%%

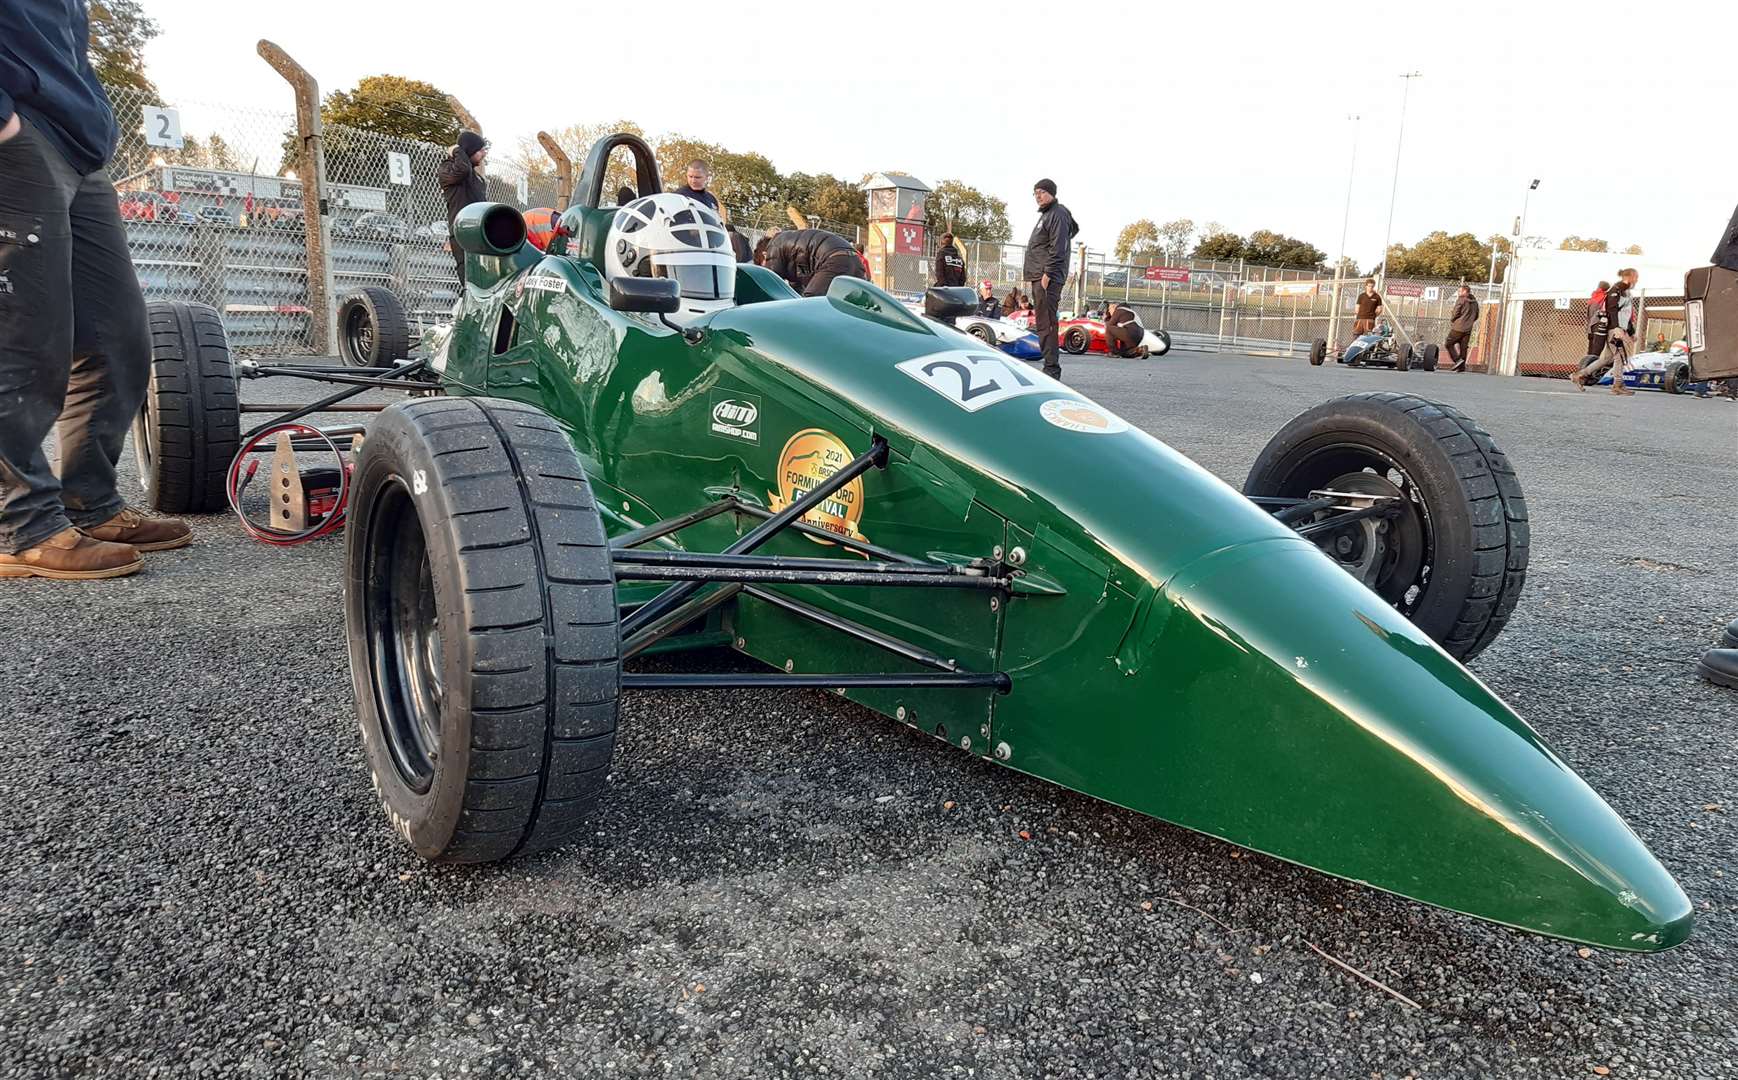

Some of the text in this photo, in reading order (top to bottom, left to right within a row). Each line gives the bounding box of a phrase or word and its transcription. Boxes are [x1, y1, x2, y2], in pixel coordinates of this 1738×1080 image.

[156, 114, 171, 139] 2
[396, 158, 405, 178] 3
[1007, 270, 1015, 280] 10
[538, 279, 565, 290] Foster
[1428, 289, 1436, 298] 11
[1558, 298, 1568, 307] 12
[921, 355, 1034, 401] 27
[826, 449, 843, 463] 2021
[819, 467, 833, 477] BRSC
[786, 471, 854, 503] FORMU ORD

%%

* ACTIVITY
Restate, word for word, the entries above, dropping any picture.

* TASK RESULT
Some of the text in this photo, in reading order (top to bottom, left to right within a row). Each line gives the bounding box of a phrase or word and its transcription. Boxes are [x1, y1, x2, y2], in pixel coordinates of this 1738×1080 image.

[156, 114, 171, 139] 2
[396, 158, 405, 178] 3
[1007, 270, 1015, 280] 10
[538, 279, 565, 290] Foster
[1428, 289, 1436, 298] 11
[1558, 298, 1568, 307] 12
[921, 355, 1034, 401] 27
[826, 449, 843, 463] 2021
[819, 467, 833, 477] BRSC
[786, 471, 854, 503] FORMU ORD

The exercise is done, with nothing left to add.